Mandy has dedicated much of her time to inspiring other inventors and offers help via her website mandyhaberman.com
Carmela Vitale (died 2005 at the same time her patent expired)
Carmela Vitale of Dix Hills, New York is the inventor of the pizza saver. Many inventions that we use use every day are taken for granted but this little plastic thingy can be found in pizza shops around the world. Originally patented as the “package saver” in 1985, this simple creation was also referred to as the pizza table and pizza nipple.
The patent expired in 2005 and it is not known if Carmela ever made money from this idea. There have since been many copies created and the insignificant cost meant that she would have to sell tens of millions of them to see any real financial reward.
The purpose of Pizza Saver was to prevent the box from touching the top of the food inside. Carmela Vitale is now an inventing legend. Many people have spent time and resources trying to track down any information they can regarding her life.
In a strange twist of fate, Carmela Vitale died at the age of 68 within weeks of her patent’s expiration.
JOY MANGANO (1956-Todate):
Joy Mangano is the most famous inventor on our list. She is known for her self-wringing Miracle Mop that was first introduced on the Home Shopping Network. She also holds more than 100 patents for her many inventions.
The idea of the self-wringing plastic mop came to her after experiencing the frustrations with using an ordinary mop. The Miracle Mop has a slidable and removable plastic head that holds one continuous loop of 300 feet of cotton mop rope. The sliding action of the head makes wringing the mop cleanly into a bucket almost effortless. The cotton portion is detachable and can easily be cleaned in a washing machine.
Her unique and innovative invention established her as a successful entrepreneur and has made her a multi-millionaire.
The film Joy, starring Jennifer Lawrence was released in 2015 and is based on her life.
Dr. SHIRLEY JACKSON (1946-Todate):
Shirley Ann Jackson is an American scientist that received her Ph.D. degree in nuclear physics from MIT university in 1973. She conducted her post-doctoral research with an exempelary dedication to her work.
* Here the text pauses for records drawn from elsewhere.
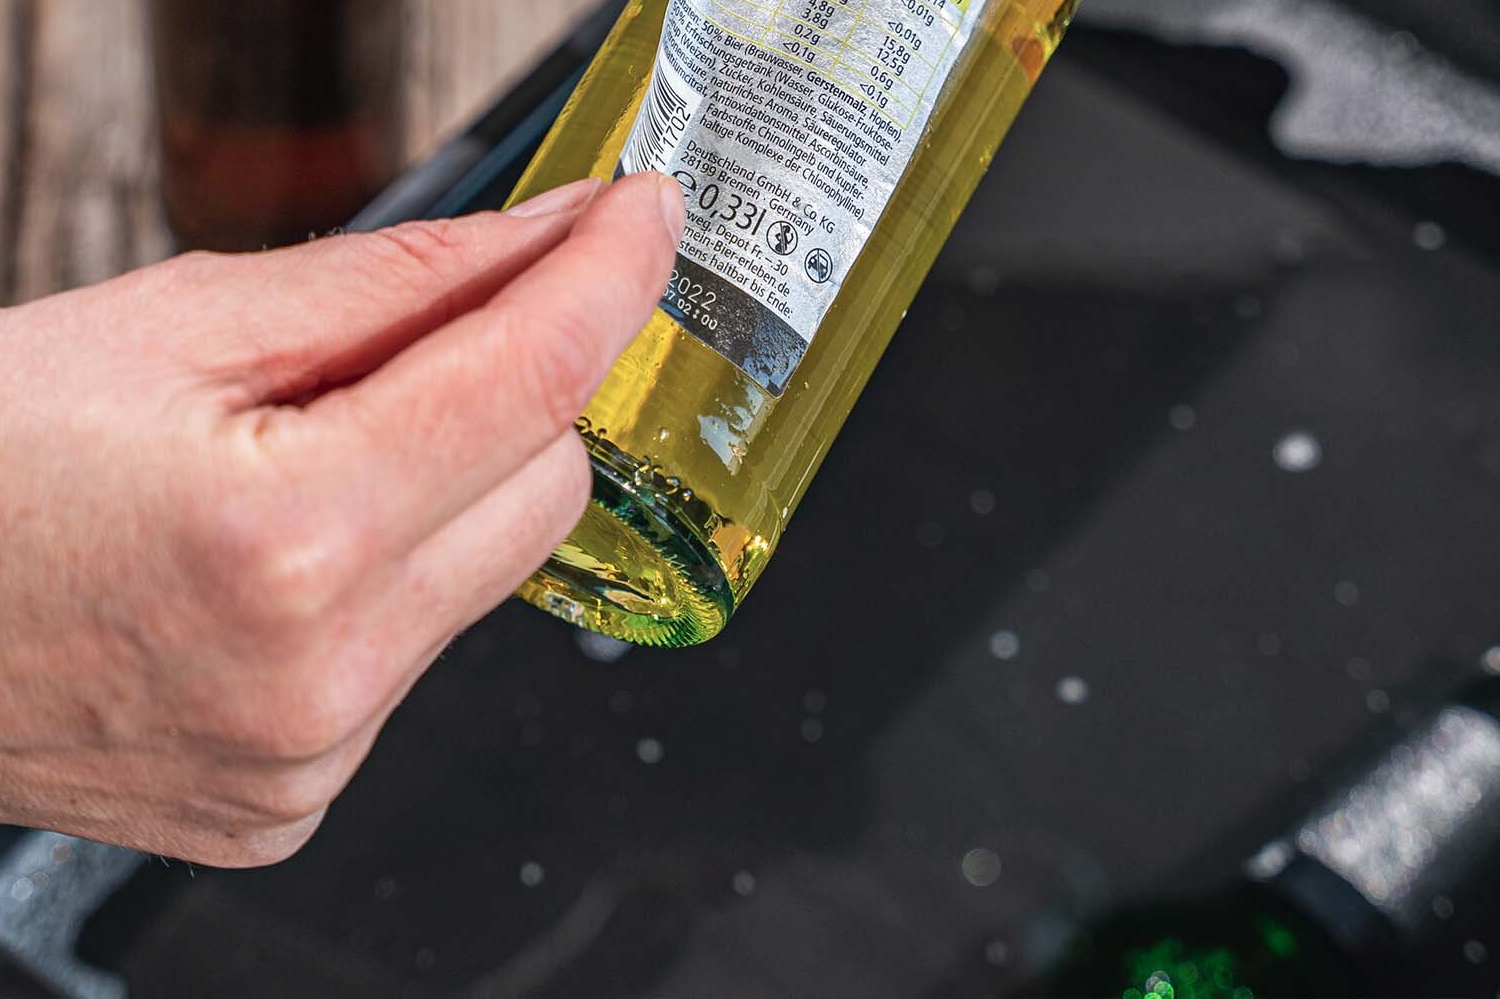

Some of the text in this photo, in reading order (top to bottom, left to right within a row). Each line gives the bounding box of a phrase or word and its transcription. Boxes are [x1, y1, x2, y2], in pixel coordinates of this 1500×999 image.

[671, 2, 893, 150] 50% Erfrischungsgetränk (Wasser, Glukose-Fruktose-
[701, 20, 723, 41] 50%
[724, 35, 744, 51] Bier
[744, 43, 805, 78] (Brauwasser,
[806, 71, 868, 117] Gerstenmalz,
[783, 41, 816, 63] <0,1g
[859, 83, 889, 109] <0,1g
[794, 24, 821, 45] 0,2g
[870, 65, 894, 91] 0,6g
[802, 7, 829, 30] 3,8g
[876, 48, 905, 77] 12,5g
[882, 35, 911, 65] 15,8g
[888, 21, 922, 51] <0,01g
[681, 34, 890, 166] (Weizen), Zucker, Kohlensäure, Säuerungsmittel
[709, 91, 810, 144] Antioxidationsmittel
[808, 139, 869, 189] Ascorbinsäure,
[710, 76, 765, 104] natürliches
[765, 99, 799, 124] Aroma,
[803, 117, 867, 167] Säureregulator
[680, 151, 717, 177] 28199
[718, 171, 761, 201] Bremen
[769, 198, 815, 237] Germany
[687, 140, 836, 234] Deutschland GmbH & Co. KG
[699, 116, 865, 221] haltige Komplexe der Chlorophylline)
[706, 103, 865, 200] Farbstoffe Chinolingelb und kupfer-
[678, 240, 793, 319] stens haltbar bis Ende:
[716, 224, 751, 251] Depot
[750, 245, 763, 261] Fr.
[668, 269, 717, 311] 2022
In 1974 she started as a visiting scientist at the European Organization for Nuclear Research. While there she paved the way for the advancements in material and nuclear sciences. Although Shirley Ann Jackson didn’t actually invent any products, the high tech materials used in many electronic devices would not be possible without her research and commitment to discovering new things.
The List of Women Inventors Could Go On Forever!
There are many Inventions By Women that have influenced the world and these were just a few of the ones I found most interesting. One thing these women all seem to have in common is the drive and ambition that I keep mentioning here on Invention Therapy. You have to be able to stand on your own, take charge and get things done often times without help from others. Remember, like I always say: “your idea is worthless, it’s the implementation of it that has value”.
These women had what it takes to turn an idea into real, tangible techniques, materials and products. Some succeeded financially while others simply gained infamy by changing our every day lives forever. The reward and path you choose is up to you.
Getting your idea out of your head and into your hands is only the first in a long set of steps towards becoming a successful inventor.
Start Thinking Like An Inventor
Unfortunately, you have been told much bad information about what it takes to be an inventor that you still think that all you have to do is come up with a good idea and people will just throw money at you. For those that have already tried to sell or license their ideas, I ask you one question: How has that worked out for you so far?
It takes a lot of patience, time, money and even a little luck to make a living as an inventor. I hope that in some some way I am starting to drive this point home to you.